__Exercise details__:
Word for word, copy the listing below and leave out its images.

__________

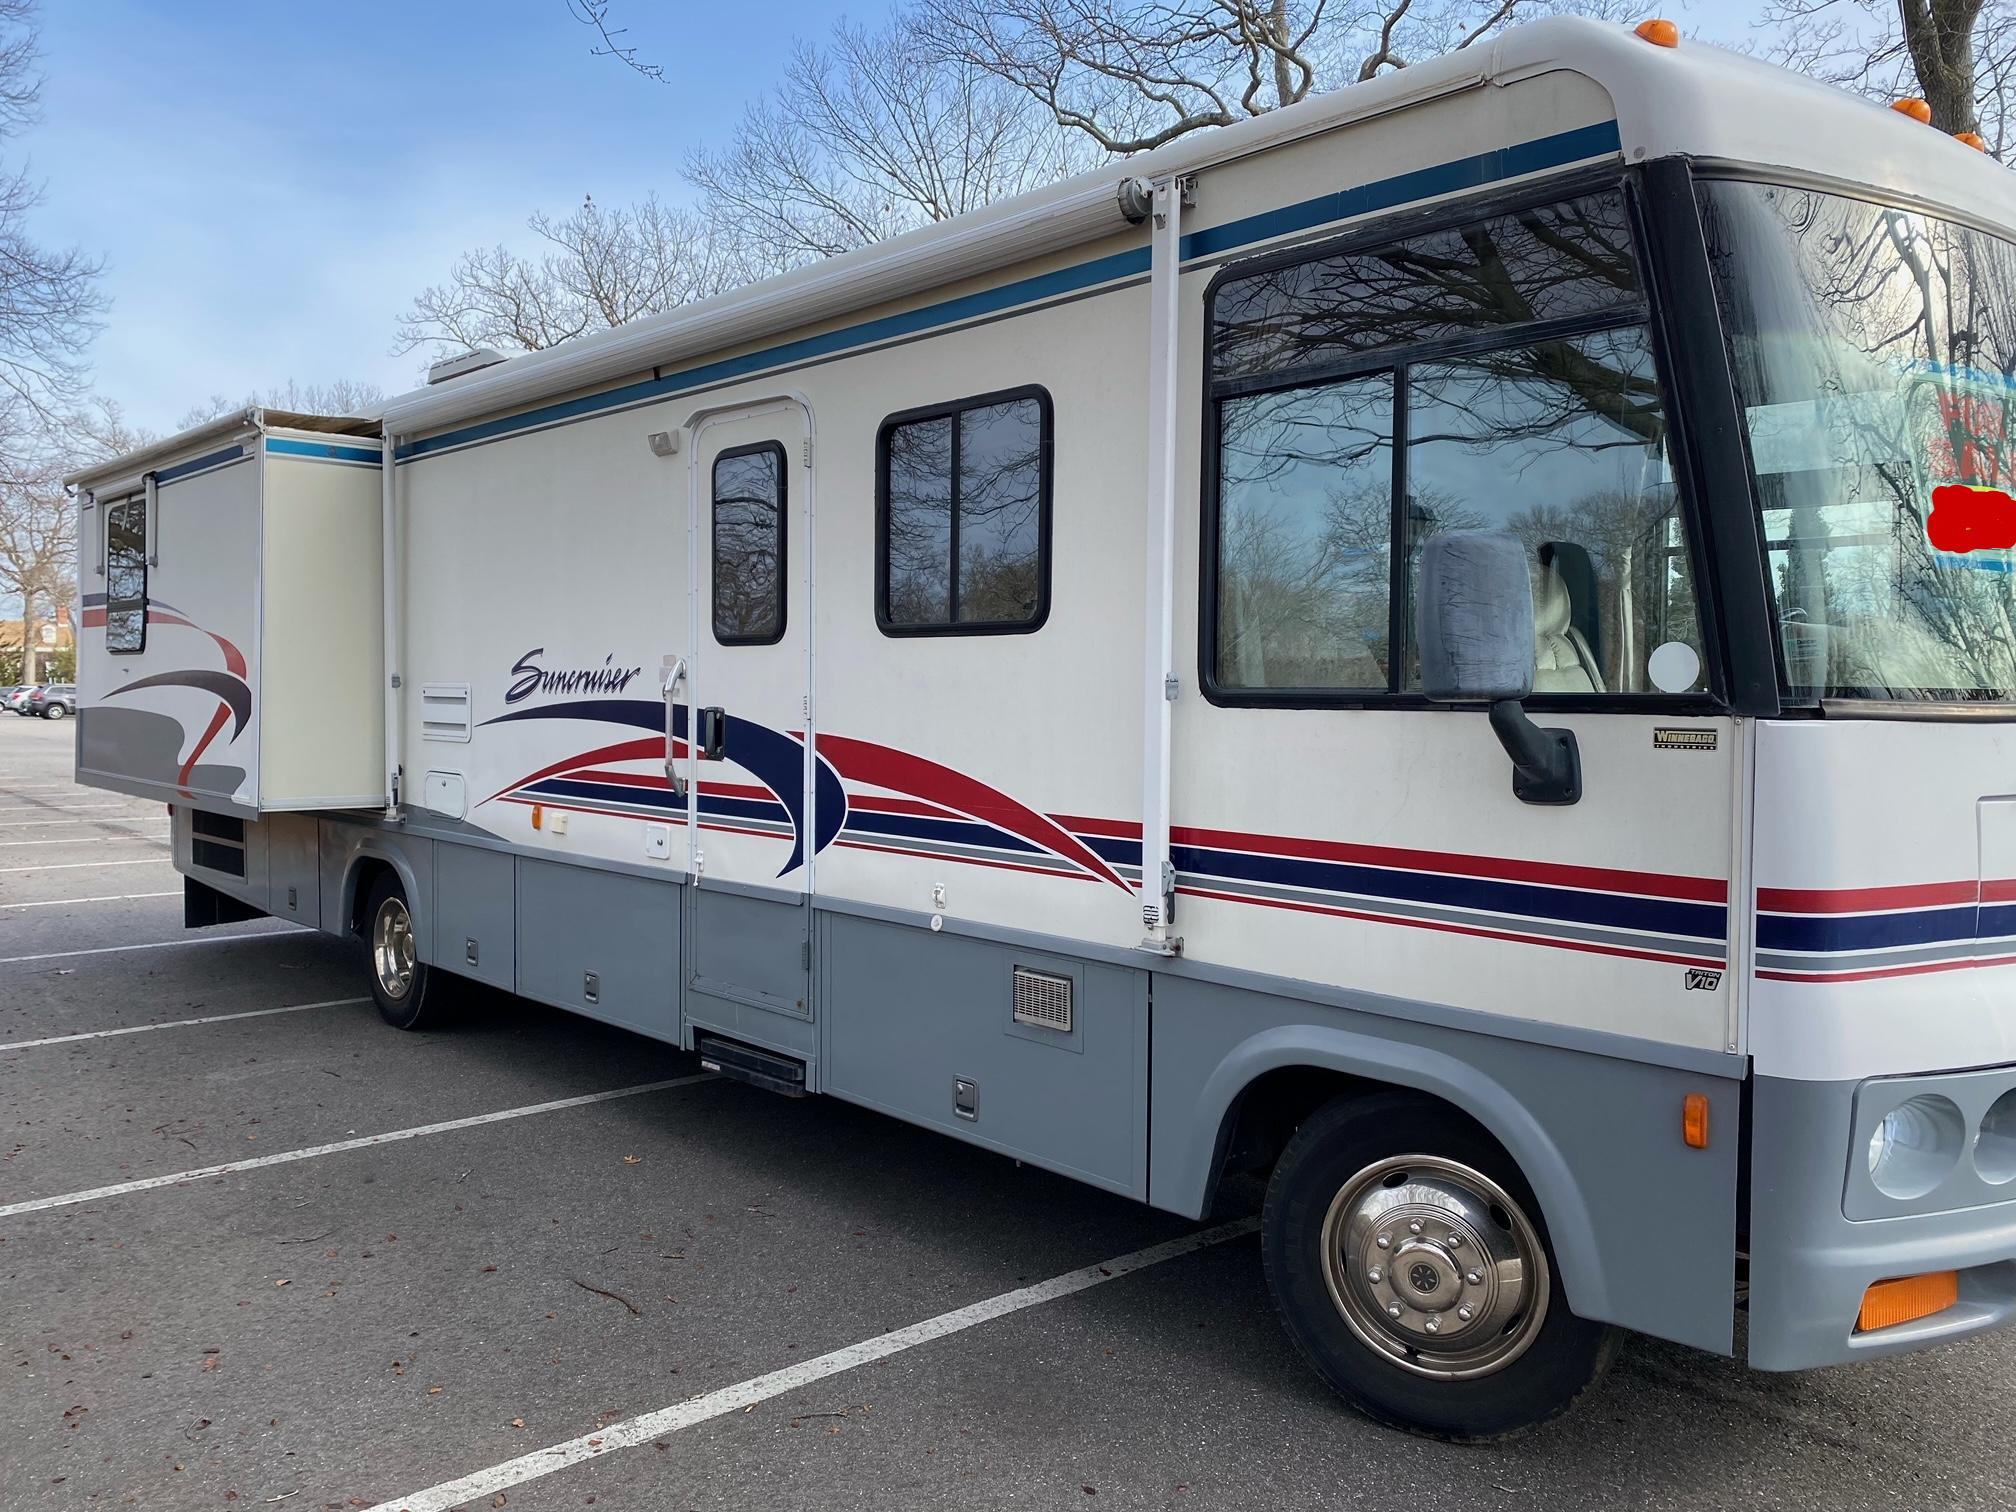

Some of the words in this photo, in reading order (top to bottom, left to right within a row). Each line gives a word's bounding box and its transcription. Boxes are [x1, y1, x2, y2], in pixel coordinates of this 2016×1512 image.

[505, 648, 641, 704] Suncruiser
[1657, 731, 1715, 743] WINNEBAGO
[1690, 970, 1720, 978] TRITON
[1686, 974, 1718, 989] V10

__________

__Result__:
Some of the words in this photo, in reading order (top to bottom, left to right within a row). Each line gives a word's bounding box and its transcription. Boxes are [x1, y1, x2, y2], in pixel coordinates of this 2016×1512 image.

[505, 648, 641, 704] Suncruiser
[1657, 731, 1715, 743] WINNEBAGO
[1690, 970, 1720, 978] TRITON
[1686, 974, 1718, 989] V10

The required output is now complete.